[Aim of the task]: Apart from the images, every record below must be given again without alteration.

-- Opening Marker --

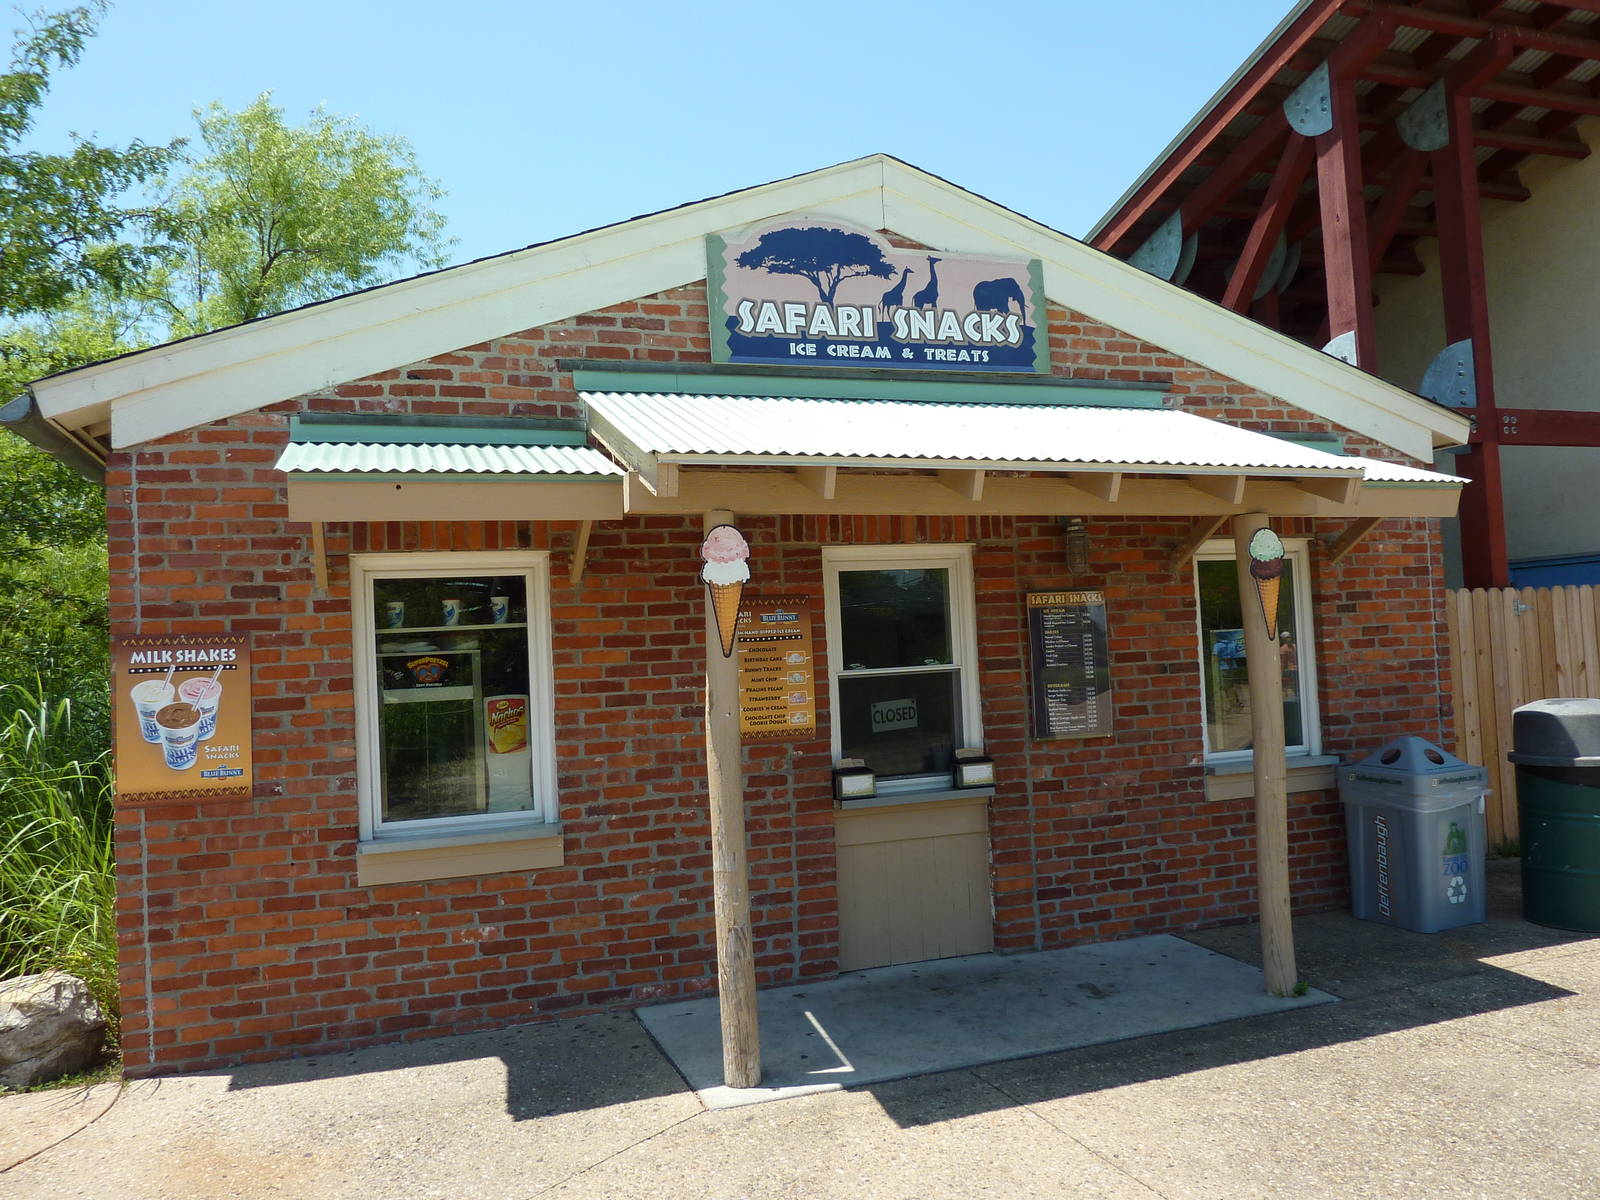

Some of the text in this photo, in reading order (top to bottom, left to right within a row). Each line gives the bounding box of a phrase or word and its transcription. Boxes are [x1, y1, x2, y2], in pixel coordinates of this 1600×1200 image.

[738, 300, 1021, 344] SAFARI SNACKS
[789, 343, 989, 362] ICE CREAM & TREATS
[1031, 593, 1102, 605] SAFARI SNACKS
[130, 648, 237, 664] MILK SHAKES
[873, 706, 916, 724] CLOSED
[204, 744, 240, 752] SAFARI
[1443, 861, 1468, 875] ZOO

-- Closing Marker --

[Answer below]:
Some of the text in this photo, in reading order (top to bottom, left to right within a row). Each line gives the bounding box of a phrase or word and its transcription. Boxes are [x1, y1, x2, y2], in pixel coordinates of this 1600×1200 image.

[738, 300, 1021, 344] SAFARI SNACKS
[789, 343, 989, 362] ICE CREAM & TREATS
[1031, 593, 1102, 605] SAFARI SNACKS
[130, 648, 237, 664] MILK SHAKES
[873, 706, 916, 724] CLOSED
[204, 744, 240, 752] SAFARI
[1443, 861, 1468, 875] ZOO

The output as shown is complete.